If a record contains a picture, leave the picture out and copy everything else exactly.

++++++

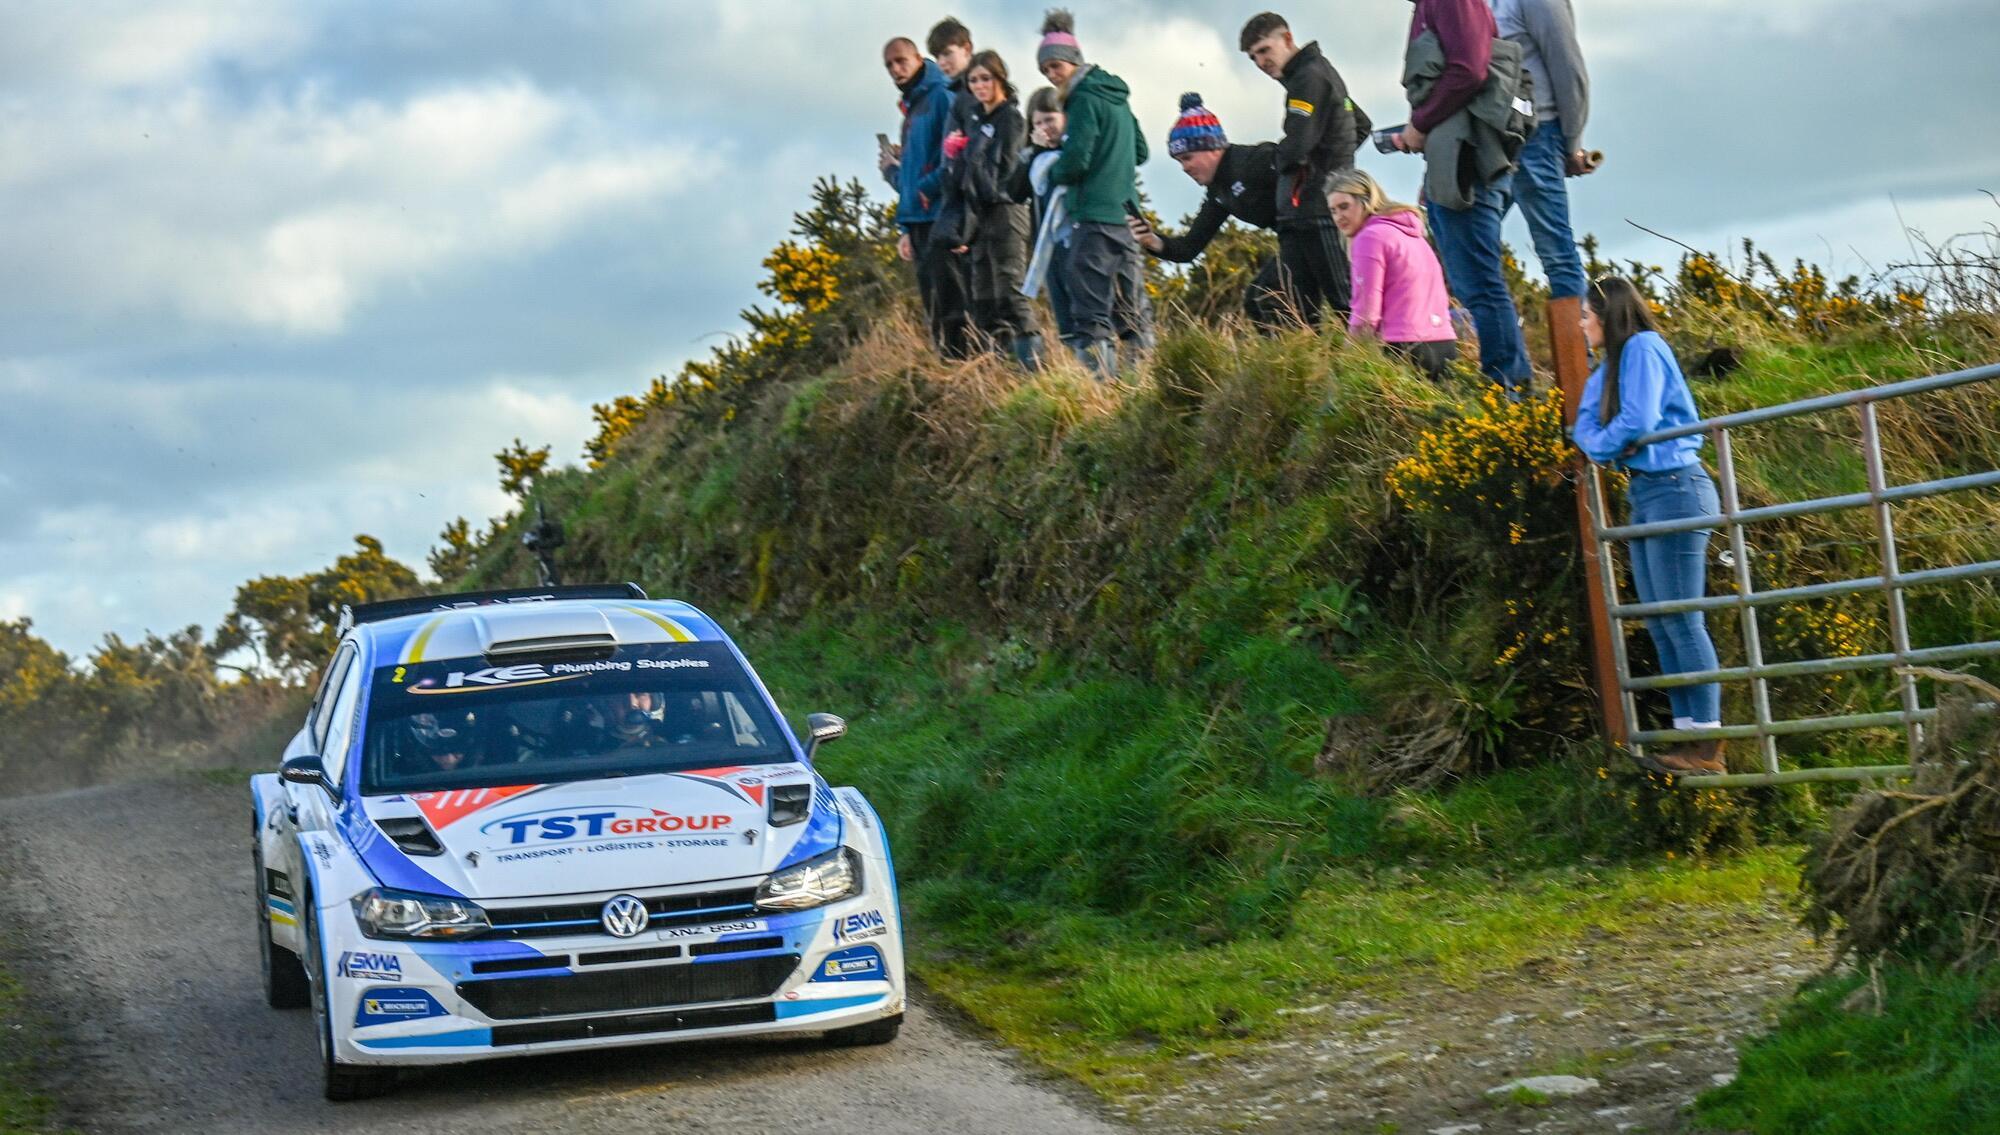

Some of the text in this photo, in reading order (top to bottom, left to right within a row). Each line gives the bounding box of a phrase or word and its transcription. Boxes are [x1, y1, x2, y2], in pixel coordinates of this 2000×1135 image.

[391, 666, 406, 684] 2
[446, 659, 709, 688] KE Plumbing Supplies
[502, 812, 732, 844] TST GROUP
[497, 837, 729, 863] TRANSPORT LOGISTICS STORAGE
[710, 920, 757, 934] 8590
[383, 1002, 426, 1011] MICHELIN

++++++

- Output:
Some of the text in this photo, in reading order (top to bottom, left to right within a row). Each line gives the bounding box of a phrase or word and its transcription. Boxes are [x1, y1, x2, y2], in pixel coordinates of this 2000×1135 image.

[391, 666, 406, 684] 2
[446, 659, 709, 688] KE Plumbing Supplies
[502, 812, 732, 844] TST GROUP
[497, 837, 729, 863] TRANSPORT LOGISTICS STORAGE
[710, 920, 757, 934] 8590
[383, 1002, 426, 1011] MICHELIN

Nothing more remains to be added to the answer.